[Required action] All entries are to be copied exactly, with pictures removed.

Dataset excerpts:
---------------

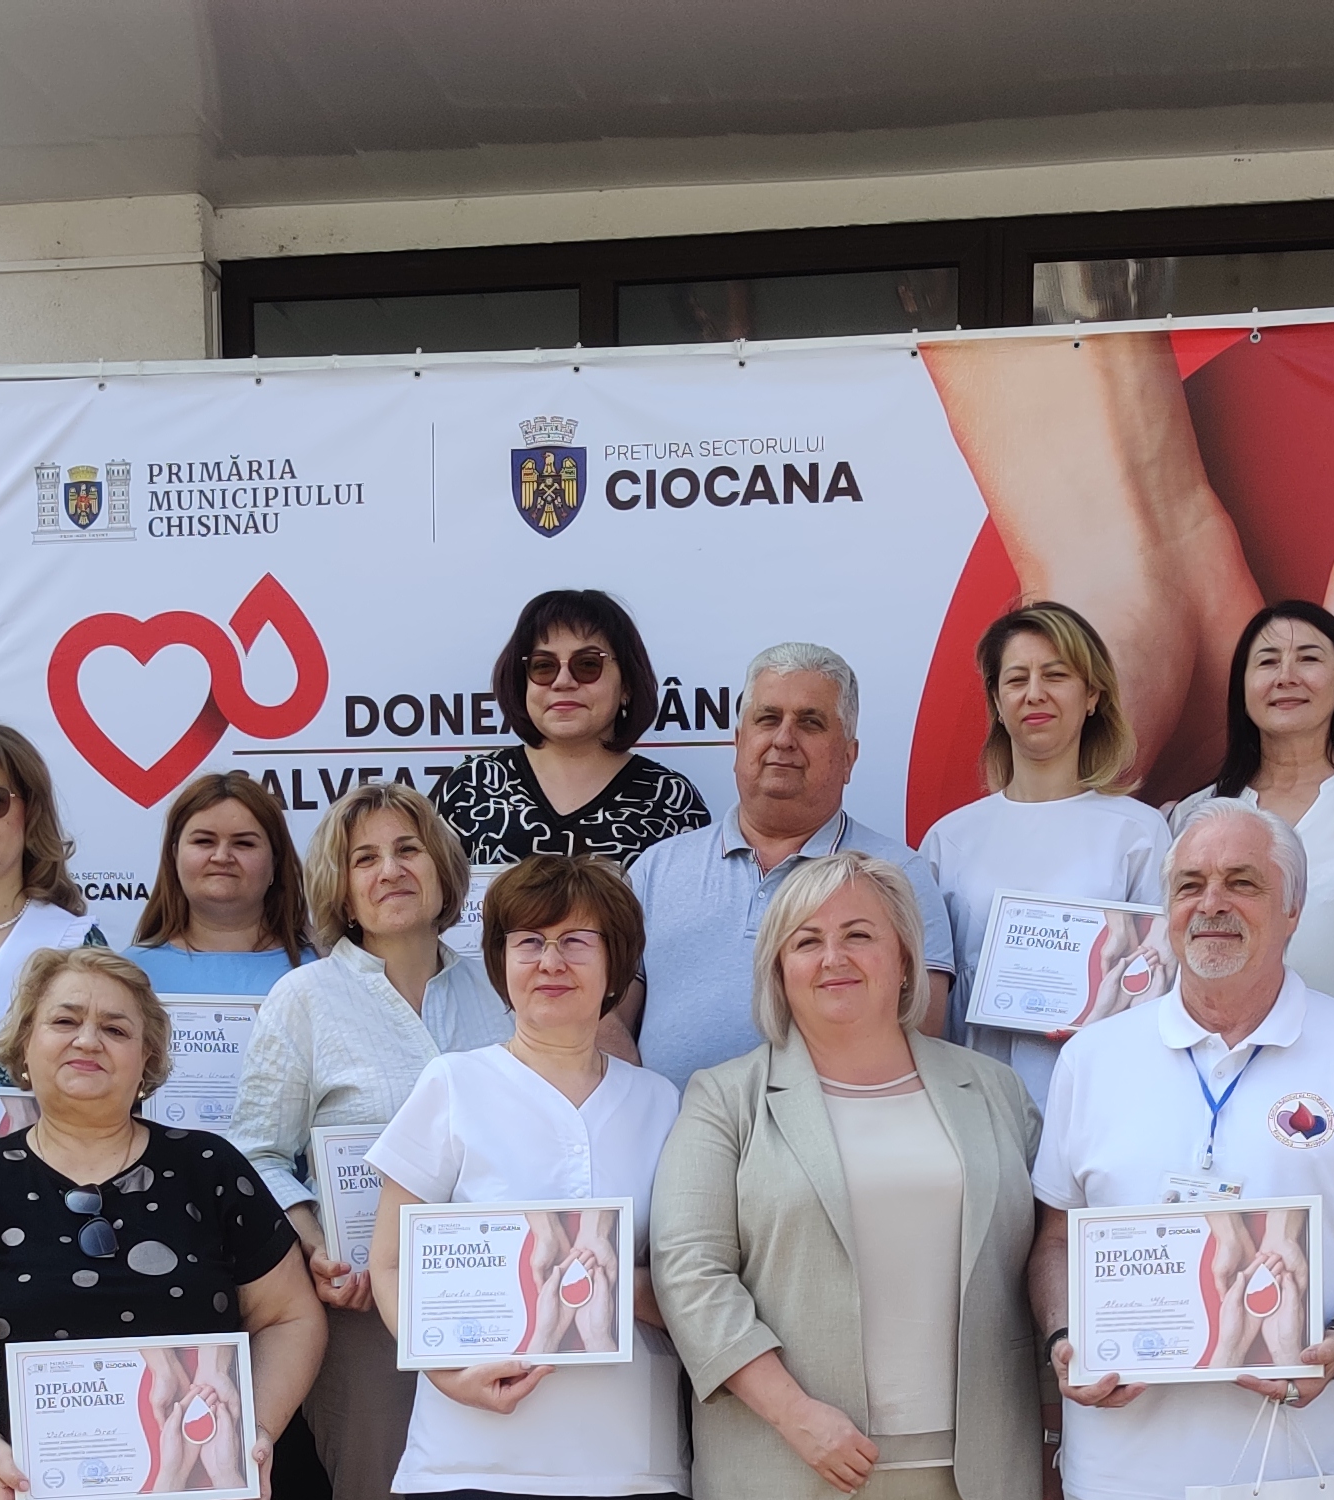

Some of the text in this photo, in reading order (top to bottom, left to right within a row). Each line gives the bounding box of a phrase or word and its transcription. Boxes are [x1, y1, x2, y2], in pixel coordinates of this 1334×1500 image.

[604, 436, 825, 461] PRETURA SECTORULUI
[147, 454, 298, 485] PRIMĂRIA
[605, 461, 864, 511] CIOCANA
[147, 482, 365, 512] MUNICIPIULUI
[345, 692, 514, 738] DONE
[81, 872, 135, 880] SECTORULUI
[75, 883, 150, 900] CANA
[1008, 924, 1069, 940] DIPLOMĂ
[1006, 934, 1081, 952] DE ONOARE
[173, 1028, 225, 1041] IPLOMĂ
[184, 1042, 239, 1053] ONOARE
[422, 1240, 492, 1256] DIPLOMĂ
[1095, 1244, 1170, 1263] DIPLOMĂ
[422, 1256, 507, 1270] DE ONOARE
[1095, 1262, 1186, 1278] DE ONOARE
[35, 1378, 108, 1396] DIPLOMĂ
[36, 1393, 125, 1409] DE ONOARE
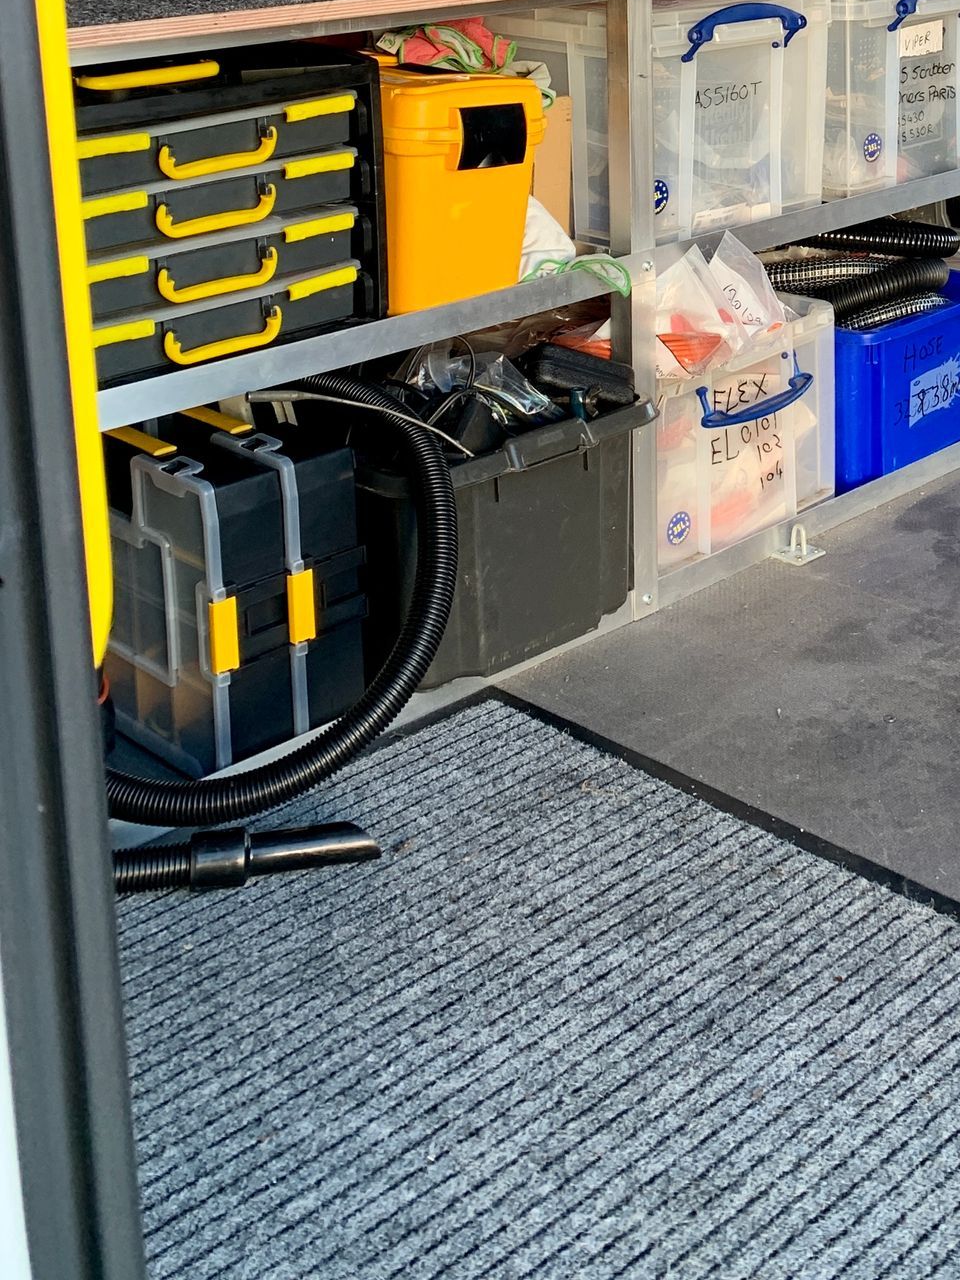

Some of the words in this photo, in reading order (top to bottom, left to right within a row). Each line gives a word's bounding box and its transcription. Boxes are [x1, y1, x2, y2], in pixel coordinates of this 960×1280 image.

---------------

[Result]
Some of the text in this photo, in reading order (top to bottom, left to right within a row). Each line gives the bounding box of a phrase or word and its transcription. Boxes are [x1, y1, x2, y2], in pixel coordinates of this 1334×1500 image.

[604, 436, 825, 461] PRETURA SECTORULUI
[147, 454, 298, 485] PRIMĂRIA
[605, 461, 864, 511] CIOCANA
[147, 482, 365, 512] MUNICIPIULUI
[345, 692, 514, 738] DONE
[81, 872, 135, 880] SECTORULUI
[75, 883, 150, 900] CANA
[1008, 924, 1069, 940] DIPLOMĂ
[1006, 934, 1081, 952] DE ONOARE
[173, 1028, 225, 1041] IPLOMĂ
[184, 1042, 239, 1053] ONOARE
[422, 1240, 492, 1256] DIPLOMĂ
[1095, 1244, 1170, 1263] DIPLOMĂ
[422, 1256, 507, 1270] DE ONOARE
[1095, 1262, 1186, 1278] DE ONOARE
[35, 1378, 108, 1396] DIPLOMĂ
[36, 1393, 125, 1409] DE ONOARE

Some of the words in this photo, in reading order (top to bottom, left to right within a row). Each line gives a word's bounding box and its transcription. Boxes are [x1, y1, x2, y2], in pixel coordinates of this 960×1280 image.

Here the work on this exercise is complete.